*Assignment*: Down to the last line, restate the records below word for word, dropping every image.

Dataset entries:
*****
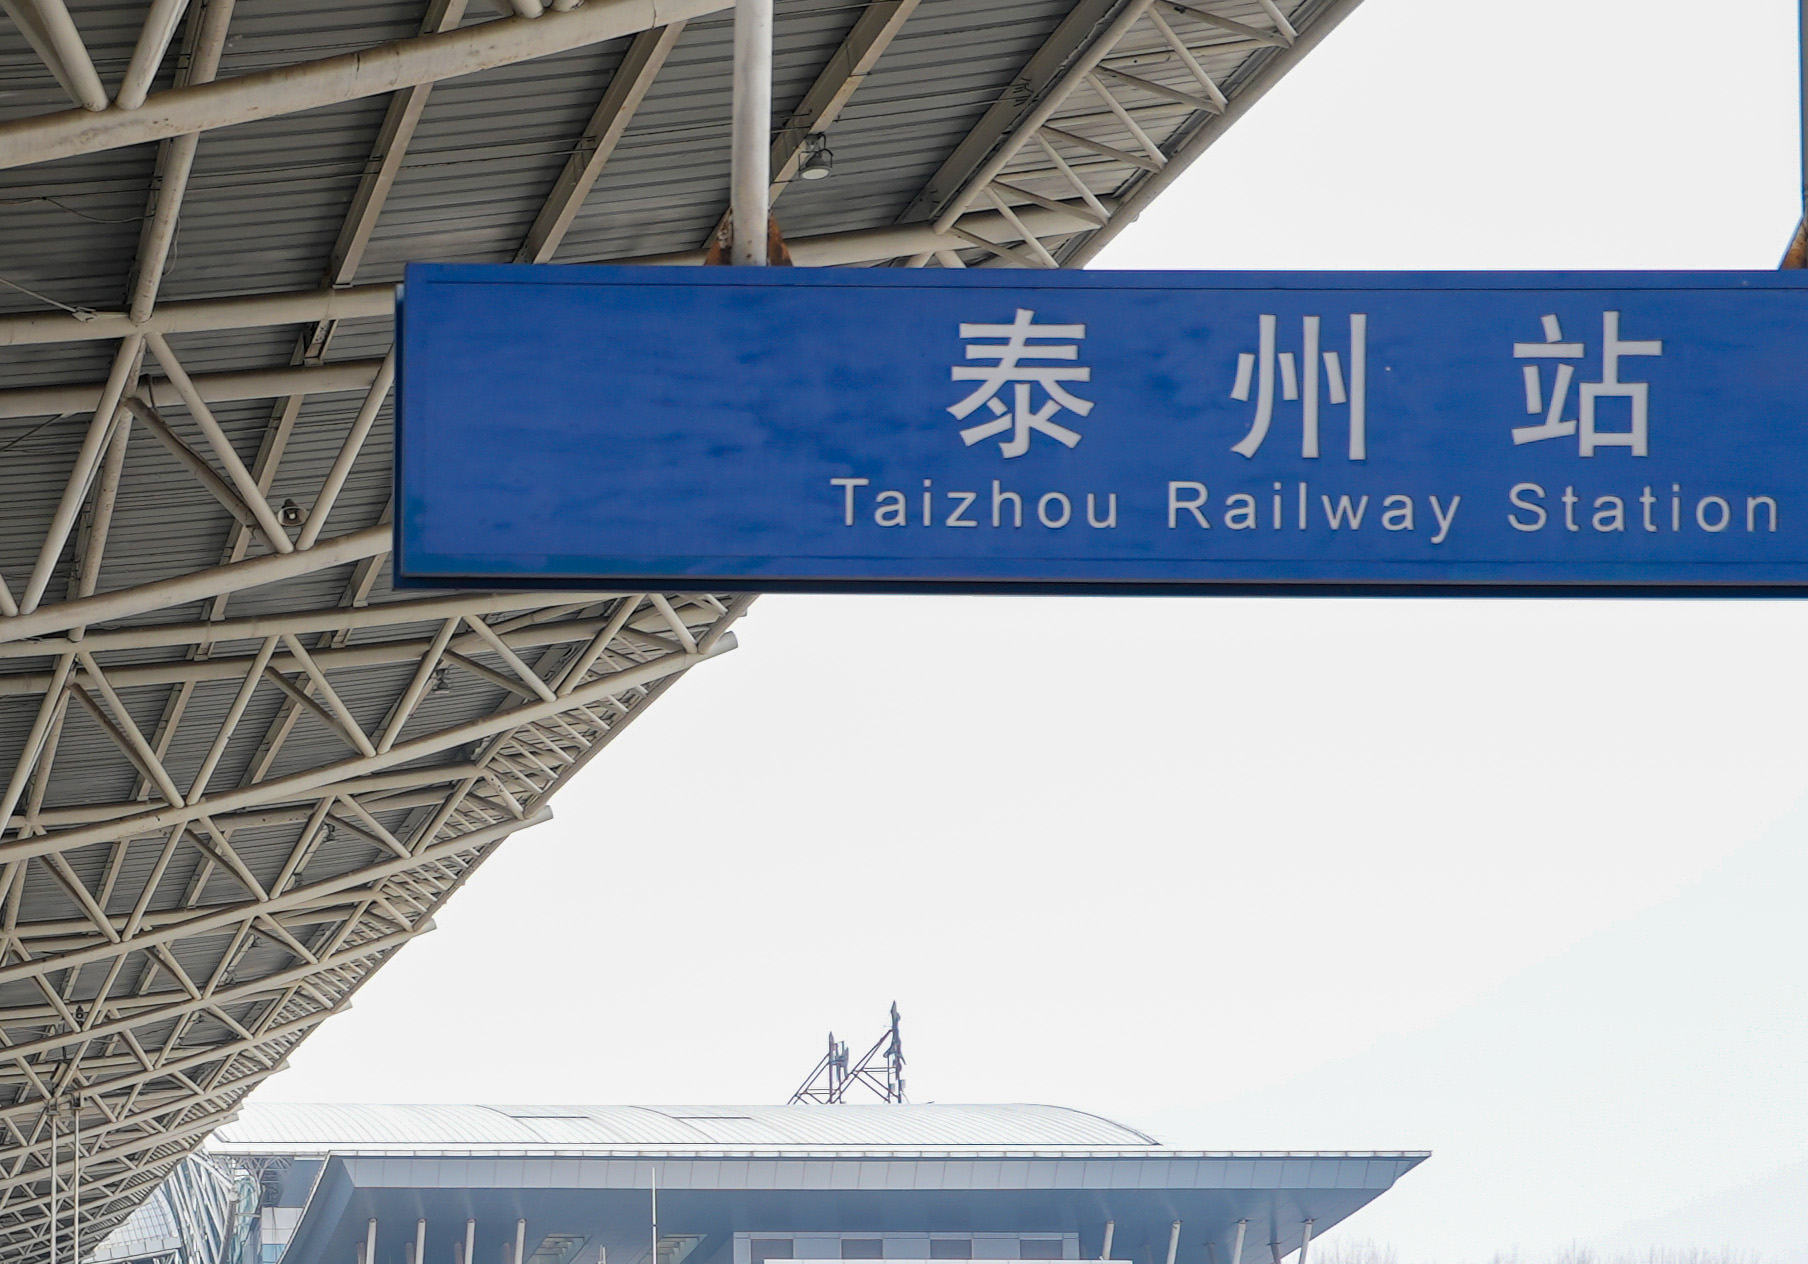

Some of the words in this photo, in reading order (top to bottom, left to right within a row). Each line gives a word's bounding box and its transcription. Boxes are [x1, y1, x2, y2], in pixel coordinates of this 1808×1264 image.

[948, 309, 1660, 459] 泰州站
[831, 479, 1117, 527] Taizhou
[1169, 482, 1459, 543] Railway
[1509, 483, 1775, 531] Station
*****
*Response to the task*:
Some of the words in this photo, in reading order (top to bottom, left to right within a row). Each line gives a word's bounding box and its transcription. Boxes are [x1, y1, x2, y2], in pixel coordinates of this 1808×1264 image.

[948, 309, 1660, 459] 泰州站
[831, 479, 1117, 527] Taizhou
[1169, 482, 1459, 543] Railway
[1509, 483, 1775, 531] Station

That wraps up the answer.